The film is only in the business of supplying the sort of fear that hinges entirely on the shock of the exotic.

Temple
Photo: Screen Media Films

That Temple is written by Simon Barrett, who’s evinced a gift for cannily mining the psychosexual tensions between characters in films like The Guest to nerve-jangling effect, suggests that it will devote itself to playfully bucking convention. But the first sign that no such promise will be fulfilled comes right away. Inside a fluorescent-lit eyesore of a hospital in Tokyo, a wheelchair-bound American, covered in plastic because of his horribly disfigured face, is pushed down a hallway just slowly enough for one to make out the shadowy figure of a child in the distance. And by the time reams of backstory have been delivered unto us by way of a series of videos conveniently located on a laptop and the story flashes back to “five days earlier,” viewers have effectively been put in the position of giving the side-eye to more than just the creepy children in this walking tour of J-horror’s hoariest signposts.

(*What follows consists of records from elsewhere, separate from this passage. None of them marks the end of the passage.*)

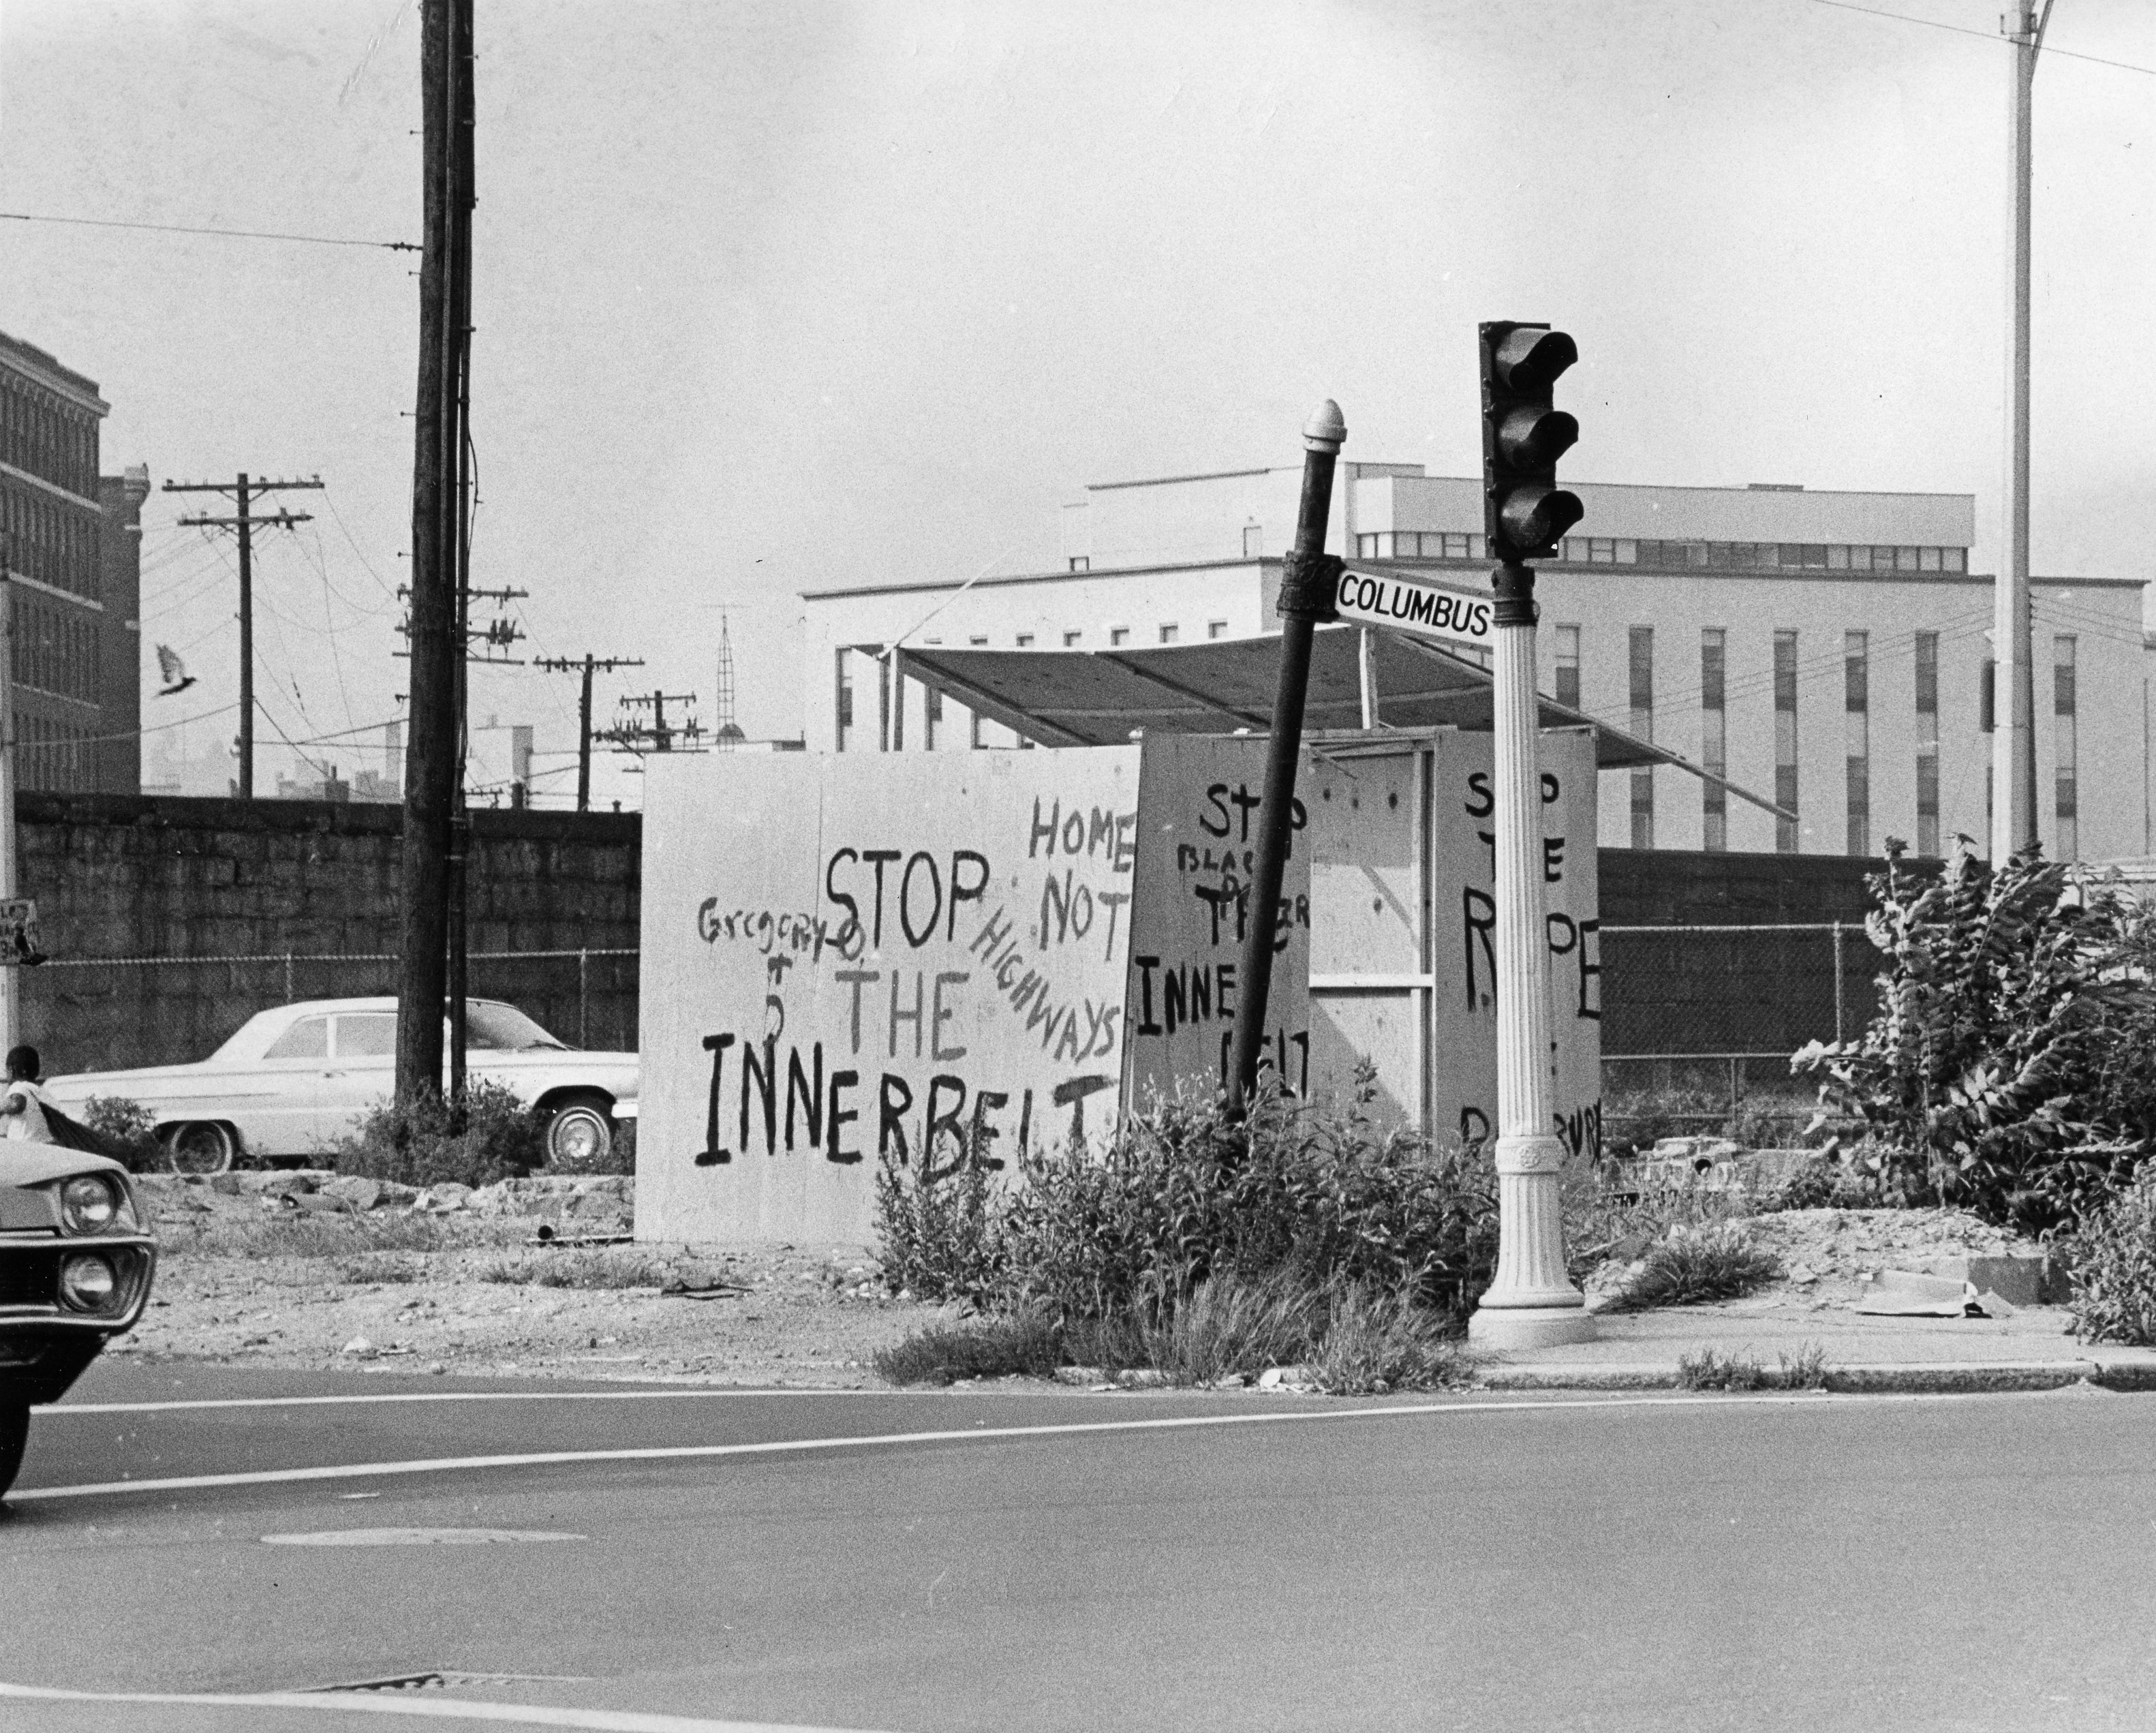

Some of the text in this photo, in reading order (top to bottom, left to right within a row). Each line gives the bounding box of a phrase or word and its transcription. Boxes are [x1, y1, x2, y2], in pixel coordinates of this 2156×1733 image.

[1339, 574, 1490, 636] COLUMBUS
[1029, 795, 1136, 872] HOME
[1177, 844, 1255, 874] BLAC
[1477, 837, 1565, 883] TE
[826, 847, 990, 949] STOP
[1039, 868, 1130, 962] NOT
[835, 970, 970, 1061] THE
[969, 904, 1120, 1064] HIGHWAYS
[1135, 955, 1237, 1035] INNE

In the film, three young Americans descend upon Tokyo on the pretext of Kate (Natalia Warner), a religious studies major, wanting to study Buddhist temples. Her best friend, Chris (Logan Huffman), ostensibly tags along because he speaks Japanese, but let’s not kid ourselves, it’s really because Kate’s boyfriend, James (Brandon Tyler Sklenar), requires a target at which to aim his dude-bro insecurities. Also, Chris lost a brother in a horrific accident and at one point had some kind of breakdown, so traveling to Japan is a way for him to recalibrate his sense of being, as well as cast some kind of doubt over the source of the horrific events that befall the trio once an old manuscript obligatorily steers them in the direction of a nefarious temple.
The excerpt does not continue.